SEC announcement ·  Mar 12 18:37
Summary by Futu AI
On March 11, 2024, Ault Alliance, Inc., a Delaware-incorporated company, entered into a note purchase agreement with two institutional investors. The agreement involves the sale of convertible promissory notes with a principal face amount of $2,000,000 for a purchase price of $1,800,000. These notes will mature on June 12, 2024, with an option for the company to extend the maturity to September 12, 2024, under certain conditions. The notes, which are convertible into Class A common stock at $0.35 per share, will accrue interest at 6% per annum, increasing to 12% in the event of default. The offering is set to close on March 12, 2024, and is made under the company's effective shelf registration statement and a prospectus supplement filed with the SEC. The agreement includes standard representations, warranties, and covenants, as well as termination provisions and closing conditions. The issuance and sale of the notes and conversion shares are supported by a legal opinion from Olshan Frome Wolosky LLP.
On March 11, 2024, Ault Alliance, Inc., a Delaware-incorporated company, entered into a note purchase agreement with two institutional investors.
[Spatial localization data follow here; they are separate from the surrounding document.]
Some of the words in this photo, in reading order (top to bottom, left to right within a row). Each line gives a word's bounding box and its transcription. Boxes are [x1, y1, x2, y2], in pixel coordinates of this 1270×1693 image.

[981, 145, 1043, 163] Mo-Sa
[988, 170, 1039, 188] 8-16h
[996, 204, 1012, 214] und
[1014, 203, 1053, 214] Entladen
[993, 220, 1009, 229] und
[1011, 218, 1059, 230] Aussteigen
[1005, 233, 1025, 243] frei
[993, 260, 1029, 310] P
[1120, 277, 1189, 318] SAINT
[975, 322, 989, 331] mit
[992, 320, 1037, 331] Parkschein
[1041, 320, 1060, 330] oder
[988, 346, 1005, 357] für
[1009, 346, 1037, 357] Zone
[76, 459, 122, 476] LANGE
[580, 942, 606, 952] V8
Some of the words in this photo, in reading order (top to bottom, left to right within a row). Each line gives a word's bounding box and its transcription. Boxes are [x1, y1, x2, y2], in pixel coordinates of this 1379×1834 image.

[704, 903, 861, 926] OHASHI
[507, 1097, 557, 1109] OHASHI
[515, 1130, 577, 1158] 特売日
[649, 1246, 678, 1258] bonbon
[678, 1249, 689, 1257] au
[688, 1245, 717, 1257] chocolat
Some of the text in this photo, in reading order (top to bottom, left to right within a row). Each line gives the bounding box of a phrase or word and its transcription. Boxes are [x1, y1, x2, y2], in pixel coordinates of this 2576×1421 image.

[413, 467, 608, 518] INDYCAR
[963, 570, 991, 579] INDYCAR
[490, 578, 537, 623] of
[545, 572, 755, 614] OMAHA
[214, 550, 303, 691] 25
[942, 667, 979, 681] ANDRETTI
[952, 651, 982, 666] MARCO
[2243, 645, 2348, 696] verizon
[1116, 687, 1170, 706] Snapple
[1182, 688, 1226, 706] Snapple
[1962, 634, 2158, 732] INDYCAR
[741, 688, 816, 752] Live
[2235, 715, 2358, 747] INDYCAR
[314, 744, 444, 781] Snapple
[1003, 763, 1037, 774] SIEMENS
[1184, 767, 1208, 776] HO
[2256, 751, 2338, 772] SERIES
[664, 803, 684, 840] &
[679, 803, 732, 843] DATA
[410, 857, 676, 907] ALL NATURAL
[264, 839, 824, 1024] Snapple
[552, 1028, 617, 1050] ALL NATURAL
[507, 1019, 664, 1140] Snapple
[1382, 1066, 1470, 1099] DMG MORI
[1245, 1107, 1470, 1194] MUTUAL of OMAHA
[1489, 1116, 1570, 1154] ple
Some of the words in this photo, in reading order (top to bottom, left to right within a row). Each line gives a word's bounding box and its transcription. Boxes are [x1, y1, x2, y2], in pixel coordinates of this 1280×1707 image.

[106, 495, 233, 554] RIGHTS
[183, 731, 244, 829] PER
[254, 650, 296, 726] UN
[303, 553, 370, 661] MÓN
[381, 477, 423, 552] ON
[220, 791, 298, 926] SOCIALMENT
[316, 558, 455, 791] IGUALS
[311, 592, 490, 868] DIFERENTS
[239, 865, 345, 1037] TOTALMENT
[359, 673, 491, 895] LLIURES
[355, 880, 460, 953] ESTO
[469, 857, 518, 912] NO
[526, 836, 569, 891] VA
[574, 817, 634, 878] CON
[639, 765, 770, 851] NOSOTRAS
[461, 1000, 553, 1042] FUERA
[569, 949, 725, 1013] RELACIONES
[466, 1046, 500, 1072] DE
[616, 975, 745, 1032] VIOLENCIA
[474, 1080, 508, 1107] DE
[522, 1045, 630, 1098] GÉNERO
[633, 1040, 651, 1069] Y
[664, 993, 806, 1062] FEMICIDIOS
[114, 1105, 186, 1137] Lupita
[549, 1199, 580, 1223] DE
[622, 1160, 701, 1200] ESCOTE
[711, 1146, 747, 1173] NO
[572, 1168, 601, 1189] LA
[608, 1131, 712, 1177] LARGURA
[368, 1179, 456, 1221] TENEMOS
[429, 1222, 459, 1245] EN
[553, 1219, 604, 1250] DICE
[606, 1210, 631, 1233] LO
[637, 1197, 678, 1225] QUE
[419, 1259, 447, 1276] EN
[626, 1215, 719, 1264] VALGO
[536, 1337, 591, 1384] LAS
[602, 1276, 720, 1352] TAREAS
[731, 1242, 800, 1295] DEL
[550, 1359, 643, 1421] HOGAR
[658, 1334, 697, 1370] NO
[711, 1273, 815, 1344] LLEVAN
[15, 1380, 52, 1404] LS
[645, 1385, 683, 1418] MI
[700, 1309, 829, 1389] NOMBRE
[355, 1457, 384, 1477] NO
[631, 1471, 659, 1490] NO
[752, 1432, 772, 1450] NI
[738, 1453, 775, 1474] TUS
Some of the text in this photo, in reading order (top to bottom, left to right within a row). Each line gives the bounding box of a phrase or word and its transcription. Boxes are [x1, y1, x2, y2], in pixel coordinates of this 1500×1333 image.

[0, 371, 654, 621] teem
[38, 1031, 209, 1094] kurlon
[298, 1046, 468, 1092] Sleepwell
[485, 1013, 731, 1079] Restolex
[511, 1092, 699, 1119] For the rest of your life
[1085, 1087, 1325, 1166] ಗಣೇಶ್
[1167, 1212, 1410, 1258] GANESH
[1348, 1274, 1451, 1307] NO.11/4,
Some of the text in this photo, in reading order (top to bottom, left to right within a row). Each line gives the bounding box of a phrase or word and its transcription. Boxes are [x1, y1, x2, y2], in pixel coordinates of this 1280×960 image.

The agreement involves the sale of convertible promissory notes with a principal face amount of $2,000,000 for a purchase price of $1,800,000. These notes will mature on June 12, 2024, with an option for the company to extend the maturity to September 12, 2024, under certain conditions. The notes, which are convertible into Class A common stock at $0.35 per share, will accrue interest at 6% per annum, increasing to 12% in the event of default. The offering is set to close on March 12, 2024, and is made under the company's effective shelf registration statement and a prospectus supplement filed with the SEC. The agreement includes standard representations, warranties, and covenants, as well as termination provisions and closing conditions. The issuance and sale of the notes and conversion shares are supported by a legal opinion from Olshan Frome Wolosky LLP.